A Polynomial-time Algorithm for Online Sparse Linear Regression with Improved Regret Bound under Weaker Conditions
Junfan Li, Shizhong Liao, Zenglin Xu, Liqiang Nie
TL;DR
This work tackles online sparse linear regression when predictions are restricted to observing only a subset of features per instance. By employing a Dantzig Selector-based approach with an algorithm-dependent sampling scheme, adaptive parameter tuning, and a batching online Newton step, the authors achieve significantly improved regret under the weaker compatibility condition, compared to prior methods that required RIP or feature-independence. They establish tight $\ell_1$-norm error bounds for the estimators and decompose regret to tightly control constants and dependencies on $d$, $k$, and $T$, including an extension to the $(k,k_0,d)$ setting with additional observations. The results demonstrate that polynomial-time OSLR is achievable with strong performance guarantees under milder assumptions, advancing both theory and potential practice in resource-constrained online prediction. The work also outlines directions for reducing reliance on linear programs, tightening lower bounds, and broadening the observation model.
Abstract
In this paper, we study the problem of online sparse linear regression (OSLR) where the algorithms are restricted to accessing only $k$ out of $d$ attributes per instance for prediction, which was proved to be NP-hard.
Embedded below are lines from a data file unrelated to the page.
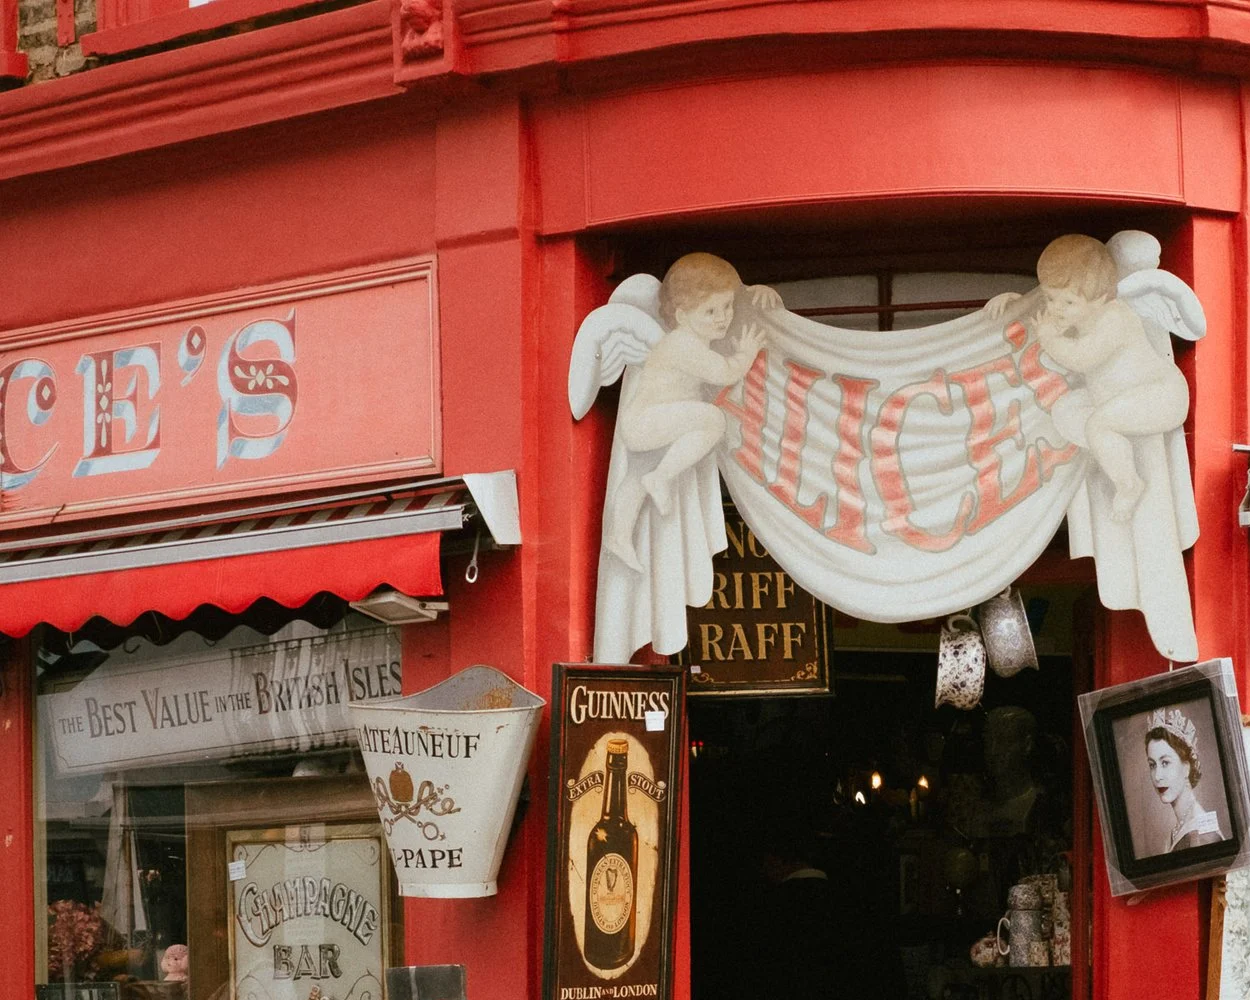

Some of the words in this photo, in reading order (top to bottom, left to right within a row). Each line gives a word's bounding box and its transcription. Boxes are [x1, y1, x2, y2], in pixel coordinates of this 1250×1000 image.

[715, 320, 1080, 556] ALICE'S
[705, 571, 795, 610] RIFF
[699, 622, 806, 661] RAFF
[59, 713, 84, 736] THE
[85, 696, 138, 738] BEST
[141, 687, 213, 730] VALUE
[215, 695, 227, 714] IN
[227, 691, 252, 712] THE
[252, 667, 340, 716] BRITISH
[342, 658, 403, 702] ISLES
[570, 685, 670, 724] GUINNESS
[359, 724, 481, 759] ATEAUNEUF
[570, 773, 602, 799] EXTRA
[630, 773, 664, 799] STOUT
[237, 876, 380, 948] CHAMPAGNE
[273, 943, 343, 981] BAR
[561, 986, 602, 1000] DUBLIN
[614, 984, 658, 998] LONDON
Previous work gave polynomial-time algorithms assuming the data matrix satisfies the linear independence of features, the compatibility condition, or the restricted isometry property. We introduce a new polynomial-time algorithm, which significantly improves previous regret bounds (Ito et al., 2017) under the compatibility condition that is weaker than the other two assumptions. The improvements benefit from a tighter convergence rate of the $\ell_1$-norm error of our estimators. Our algorithm leverages the well-studied Dantzig Selector, but importantly with several novel techniques, including an algorithm-dependent sampling scheme for estimating the covariance matrix, an adaptive parameter tuning scheme, and a batching online Newton step with careful initializations. We also give novel and non-trivial analyses, including an induction method for analyzing the $\ell_1$-norm error, careful analyses on the covariance of non-independent random variables, and a decomposition on the regret. We further extend our algorithm to OSLR with additional observations where the algorithms can observe additional $k_0$ attributes after each prediction, and improve previous regret bounds (Kale et al., 2017; Ito et al., 2017).